The movie opens in a curious tension as we’re introduced to Juan Perez, played by veteran actor Darío Grandinetti. As the music suggests, there’s a sweetness about this man, Juan. His demeanor, however, suggests not just otherwise but an inability to be socially appropriate; no eye contact and very little talking.

Gene Hackman’s character of Harry Caul in Coppola’s The Conversation comes to mind as we watch Perez for his shy demeanor seems to come from an unnatural place, as if he wasn’t always so quiet but made that way. With Hackman, it was his years of surveillance work and the consequent secrecy rendering him a quiet, guarded man. With Perez, we are lead to suspect his silence, his muted affect, from the deft inclusion of Perez waking up from a bad dream in which we hear the clamor of something that now only lives each night in his dreams. But dreams are of the night. In the light of day, Juan Perez finds himself quieted by something just as forceful: love. And she is called Romina.

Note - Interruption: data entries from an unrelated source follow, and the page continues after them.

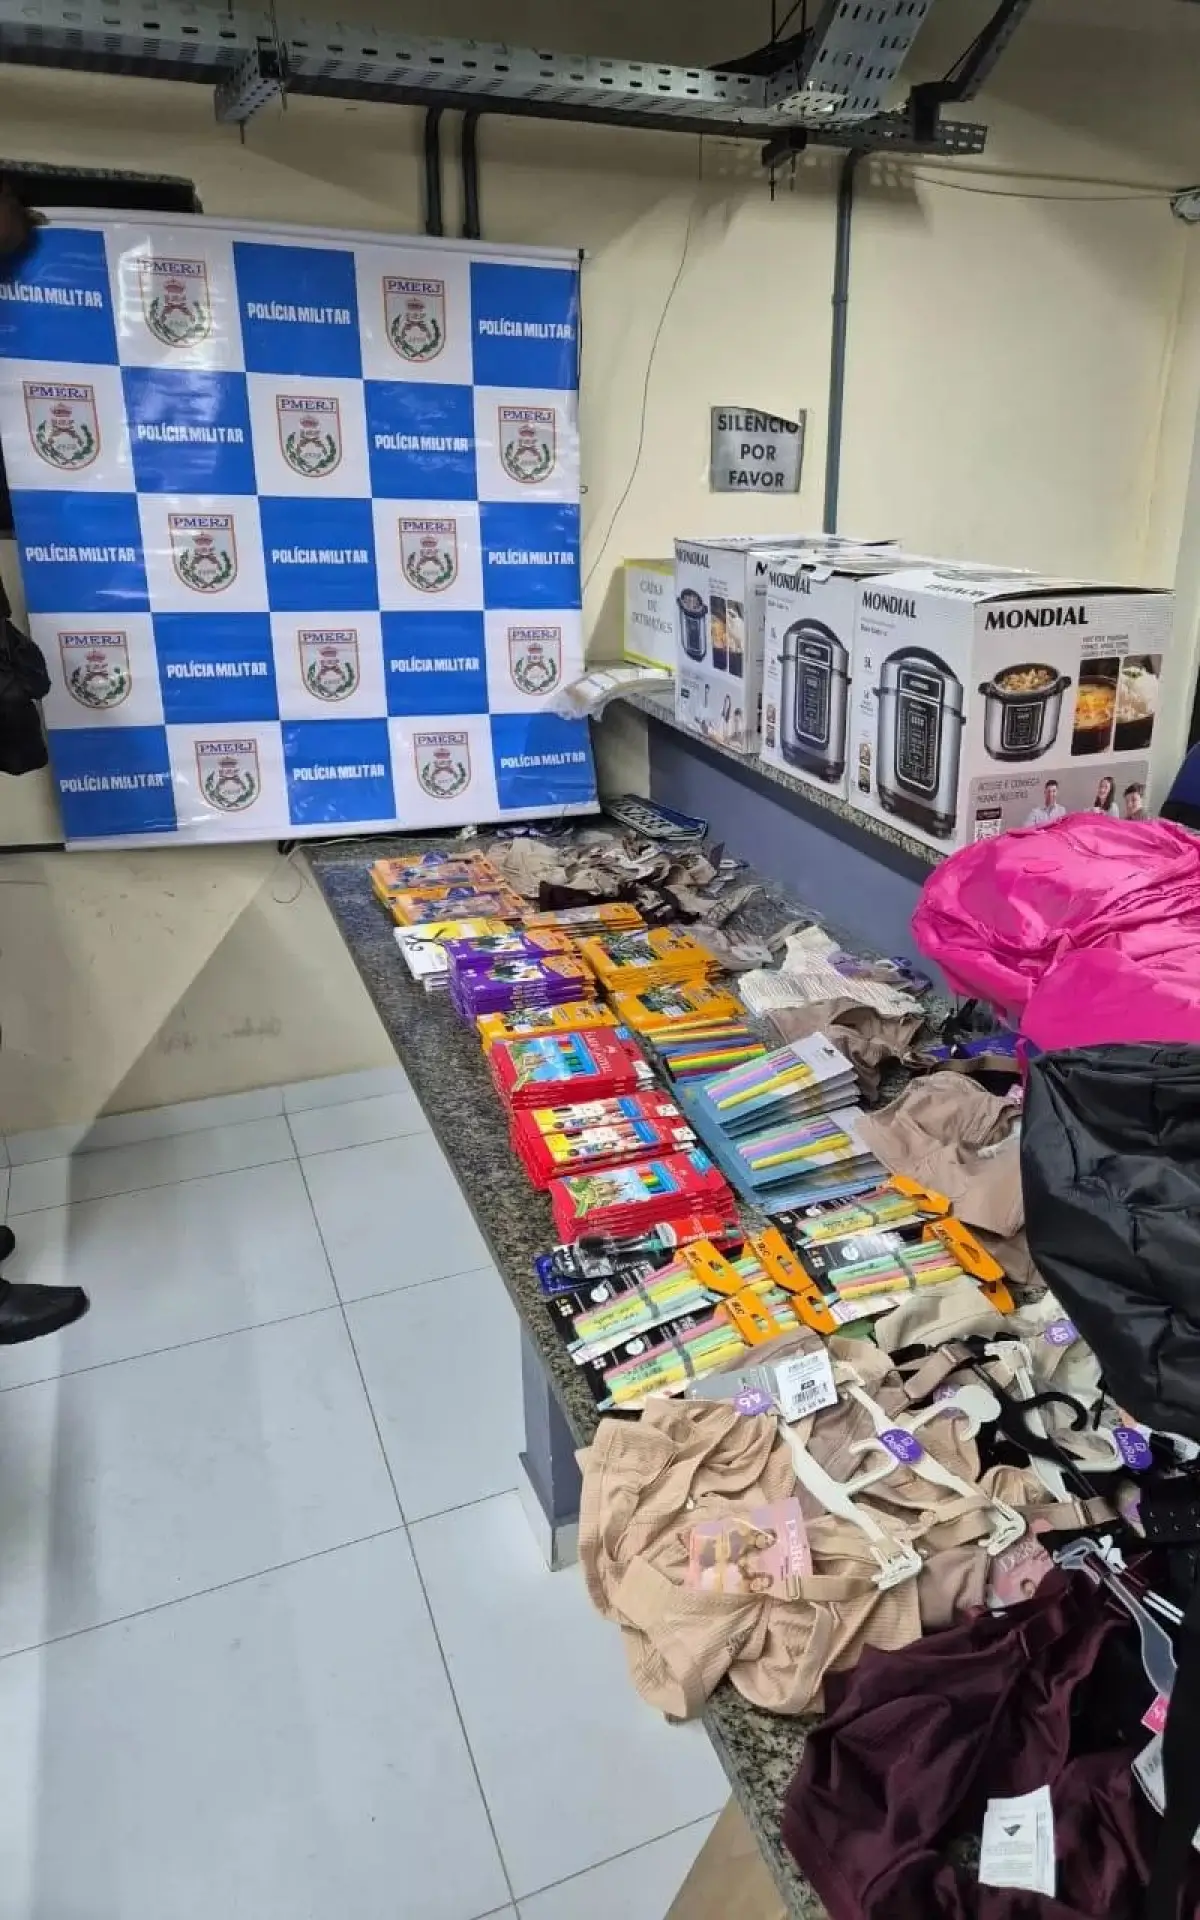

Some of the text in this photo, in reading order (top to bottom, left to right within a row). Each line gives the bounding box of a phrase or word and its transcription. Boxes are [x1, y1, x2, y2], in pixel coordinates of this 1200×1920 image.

[0, 281, 103, 308] OLÍCIA MILITAR
[387, 280, 441, 293] PMERJ
[248, 301, 351, 325] POLÍCIA MILITAR
[479, 317, 574, 341] POLÍCIA MILITAR
[29, 386, 88, 399] PMERJ
[281, 399, 334, 411] PMERJ
[503, 409, 552, 422] PMERJ
[137, 423, 244, 444] POLÍCIA MILITAR
[375, 432, 469, 452] POLÍCIA MILITAR
[740, 443, 777, 461] POR
[728, 470, 786, 488] FAVOR
[174, 516, 229, 528] PMERJ
[402, 520, 453, 533] PMERJ
[26, 543, 136, 562] POLÍCIA MILITAR
[272, 547, 368, 564] POLÍCIA MILITAR
[489, 547, 574, 565] POLÍCIA MILITAR
[676, 546, 711, 569] MONDIAL
[768, 571, 812, 595] MONDIAL
[862, 590, 917, 619] MONDIAL
[984, 605, 1089, 631] MONDIAL
[65, 635, 122, 646] PMERJ
[303, 632, 354, 642] PMERJ
[512, 629, 558, 640] PMERJ
[167, 660, 268, 679] POLÍCIA MILITAR
[391, 655, 479, 673] POLÍCIA MILITAR
[199, 741, 254, 753] PMERJ
[418, 734, 466, 745] PMERJ
[501, 752, 586, 769] POLÍCIA MILITAR
[293, 764, 385, 782] POLÍCIA MILITAR
[60, 773, 163, 793] POLÍCIA MILITAR
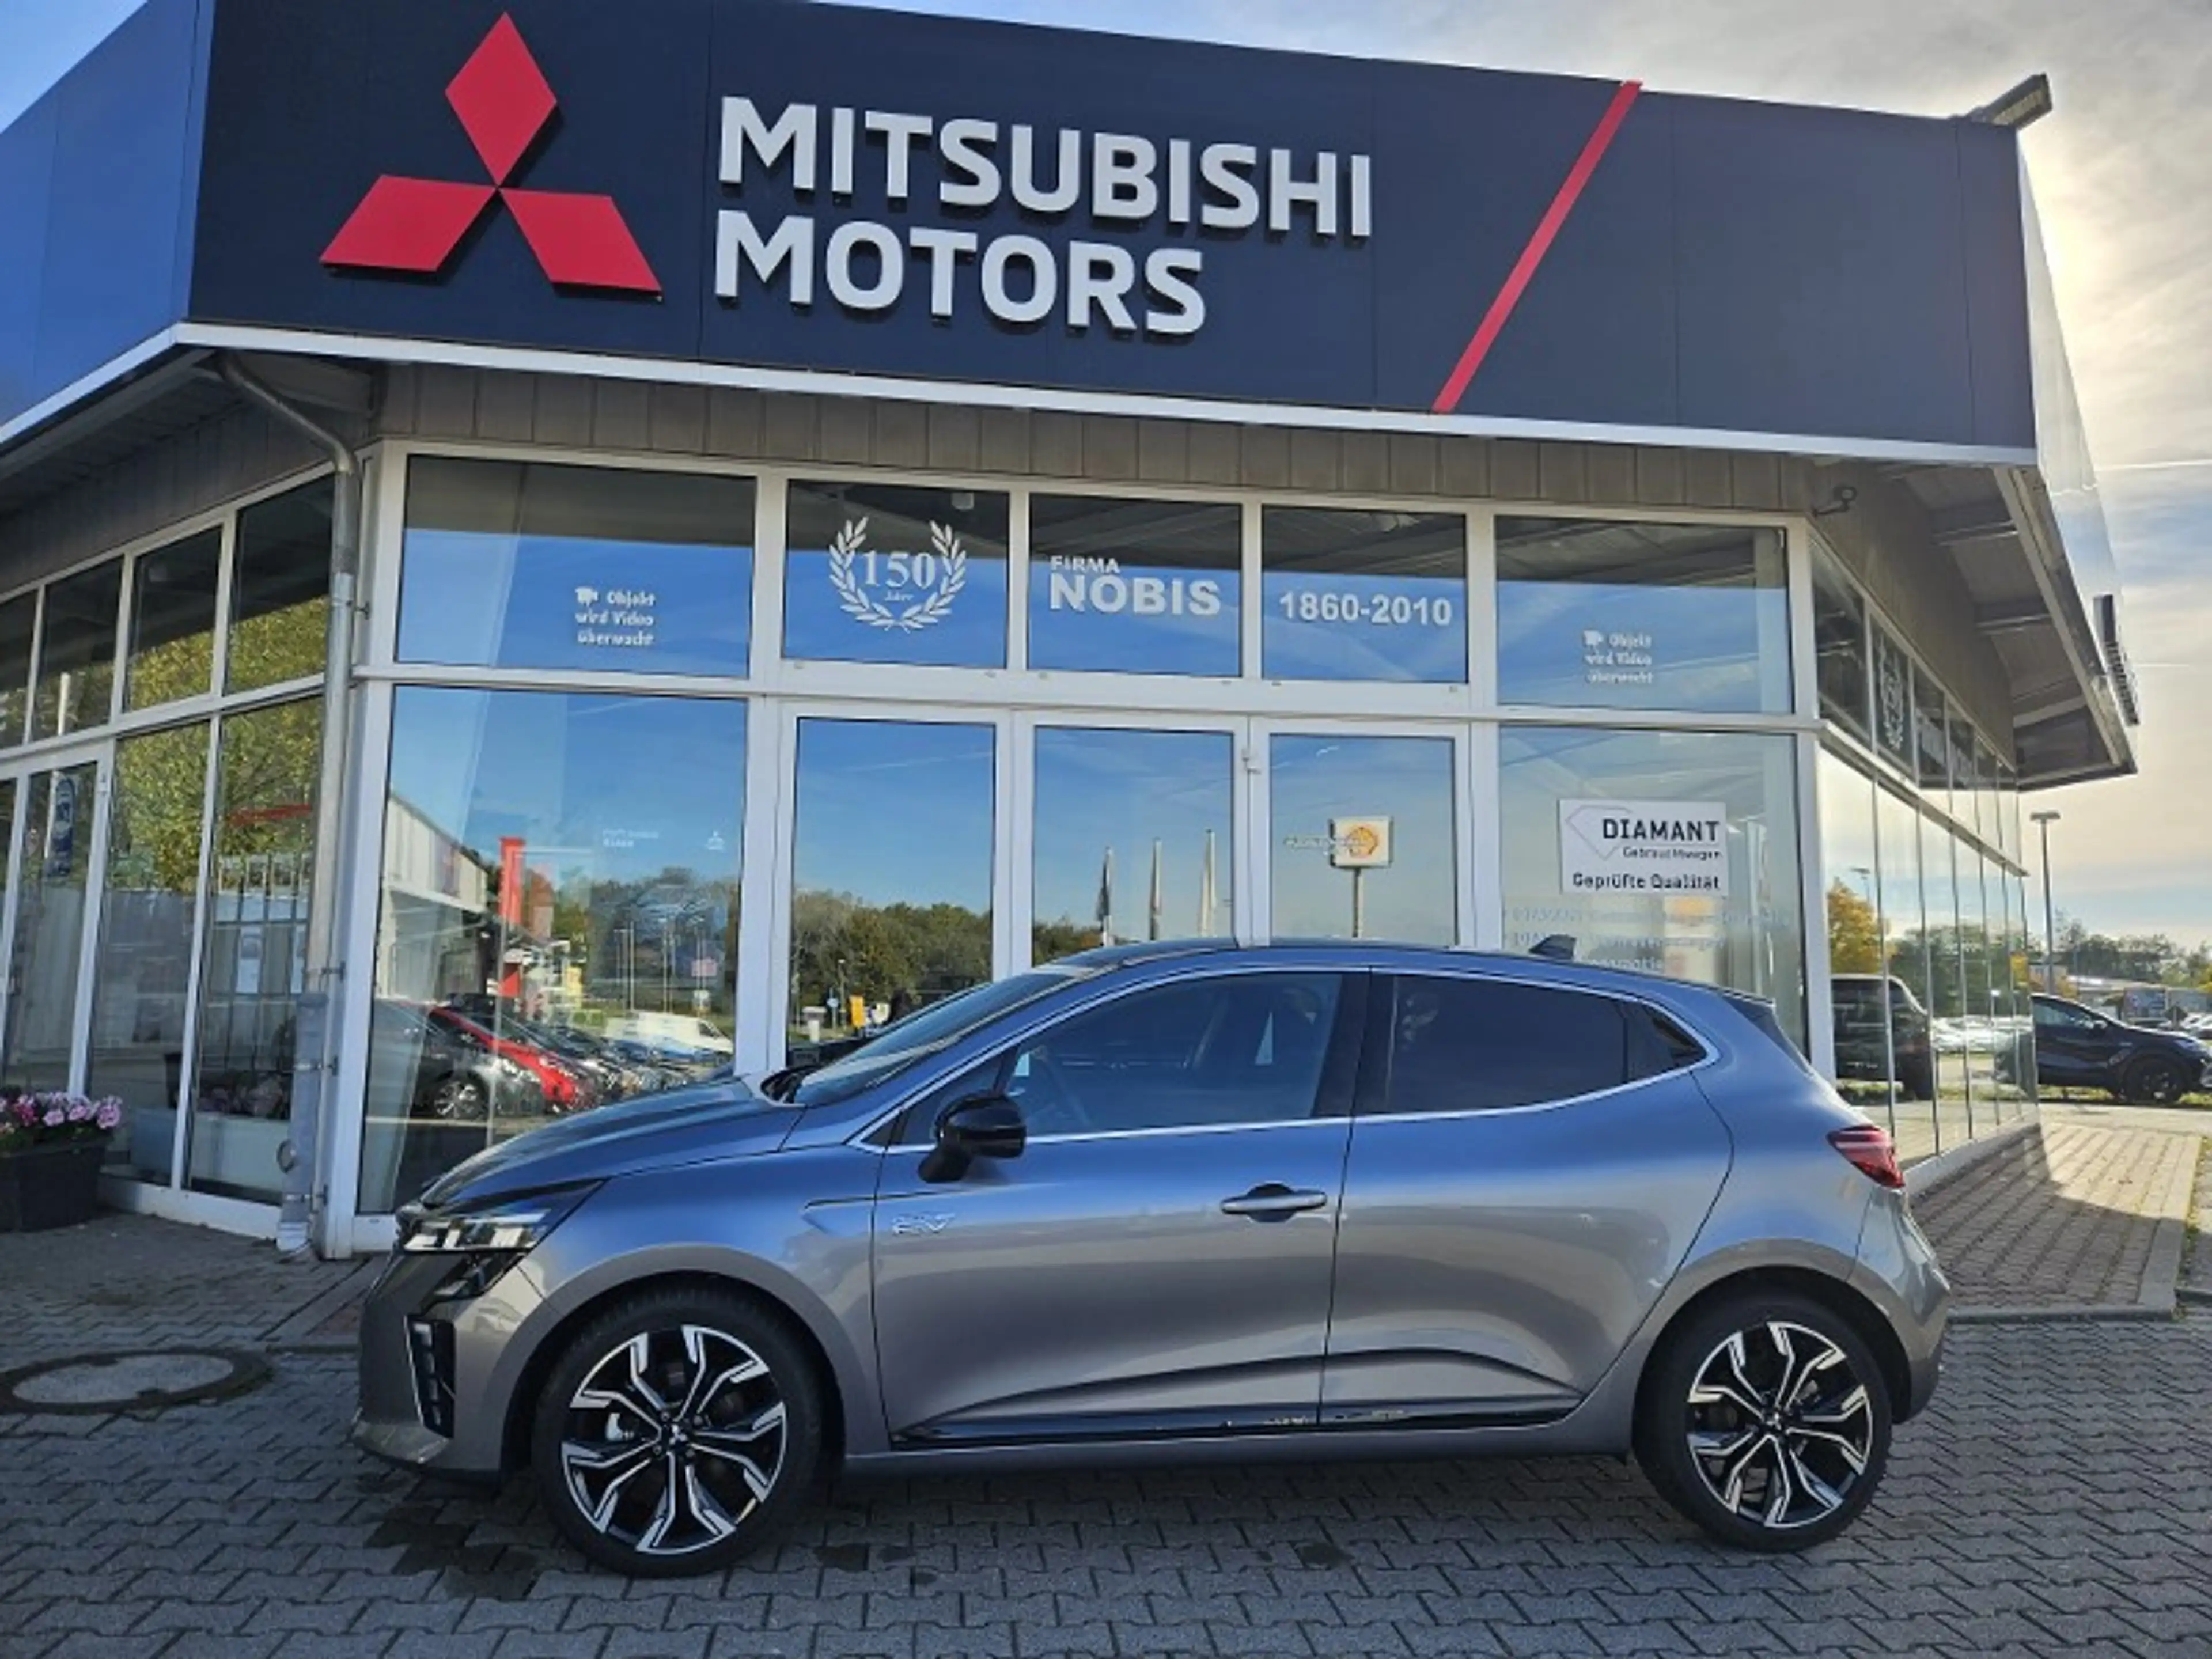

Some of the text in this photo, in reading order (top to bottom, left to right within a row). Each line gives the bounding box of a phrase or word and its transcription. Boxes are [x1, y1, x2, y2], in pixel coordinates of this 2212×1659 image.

[719, 95, 1372, 237] MITSUBISHI
[715, 209, 1206, 334] MOTORS
[863, 550, 935, 589] 150
[1050, 573, 1221, 615] NOBIS
[1279, 592, 1452, 626] 1860-2010
[1603, 818, 1720, 842] DIAMANT
[1572, 871, 1721, 891] Geprüfte Qualität
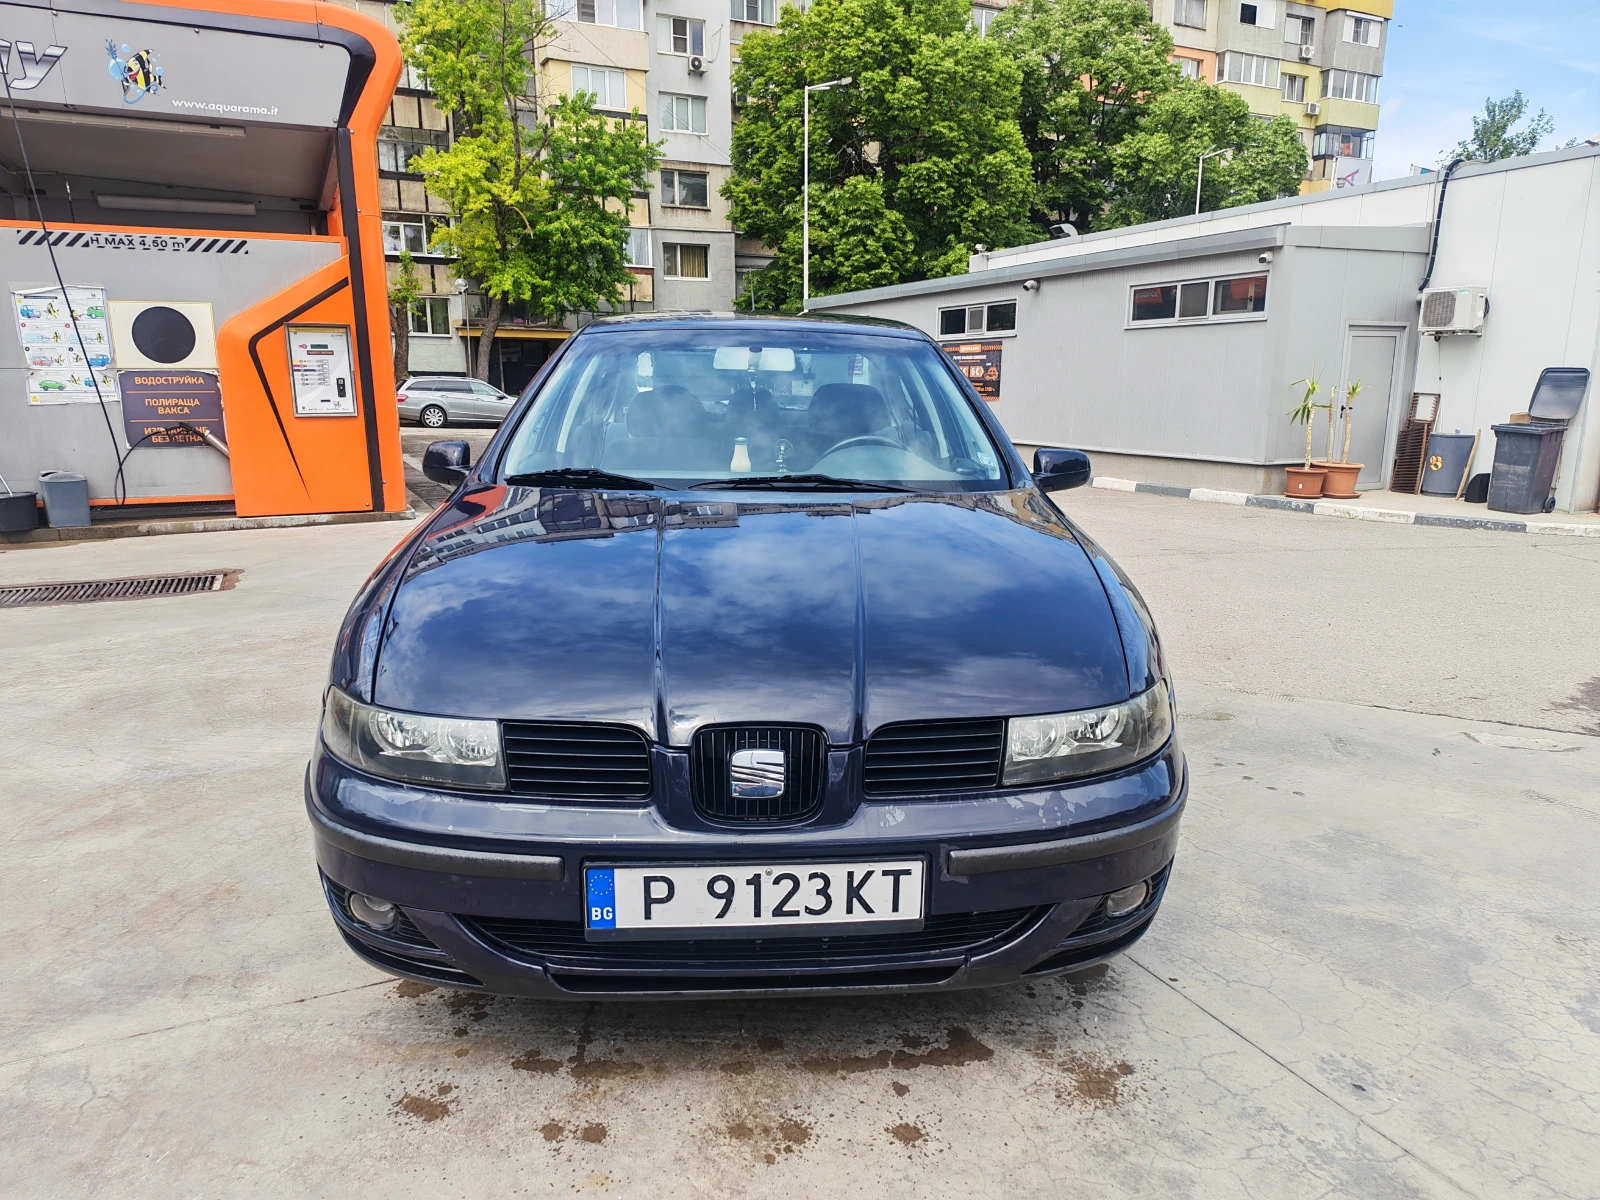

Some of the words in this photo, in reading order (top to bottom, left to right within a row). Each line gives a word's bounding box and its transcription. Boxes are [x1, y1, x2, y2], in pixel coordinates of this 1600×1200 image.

Played by Leticia Brédice, Miss Romina Campos is a school teacher in a sleepy little town. In contrast to Perez, Romina exudes all that is absent in Perez: warmth, beauty and voice. When such forces collide, there is a thaw. Out of the mix arises a jar and Perez’s promise to deliver this jar as he drives from town to town in a bus.

Lecchi has a lot of fun with this twist in the plot. Indeed, the twist seems to be more of a wound up rubber band. Scoring care of Julián Vat changes from something whimsical and evoking a James L. Brooks movie to full-on spaghetti western. Antics ensue and when the dust settles, Juan Perez finds himself in a web of lies but situated ever closer to the love of Romina. While this all seems lighthearted, there is very little levity. Even the likes of the stoic Perez would squirm and hide behind the safety of webbed fingers as the scenes pass.

Part of this tension has to do with the film editing. Whether by design or accident, several of the cuts happen so abruptly, one is left wondering if film editor Javier Ruiz Caldera was chuckling to himself when watching the finished product. The movie also suffers from a poorly aligned audio track making the voices of the character hard to distinguish from the scoring. Thankfully, The Jar gains such momentum, any technical issues fade away as we lean forward in our seats to see just how far Perez will go when more than a jar is on the line.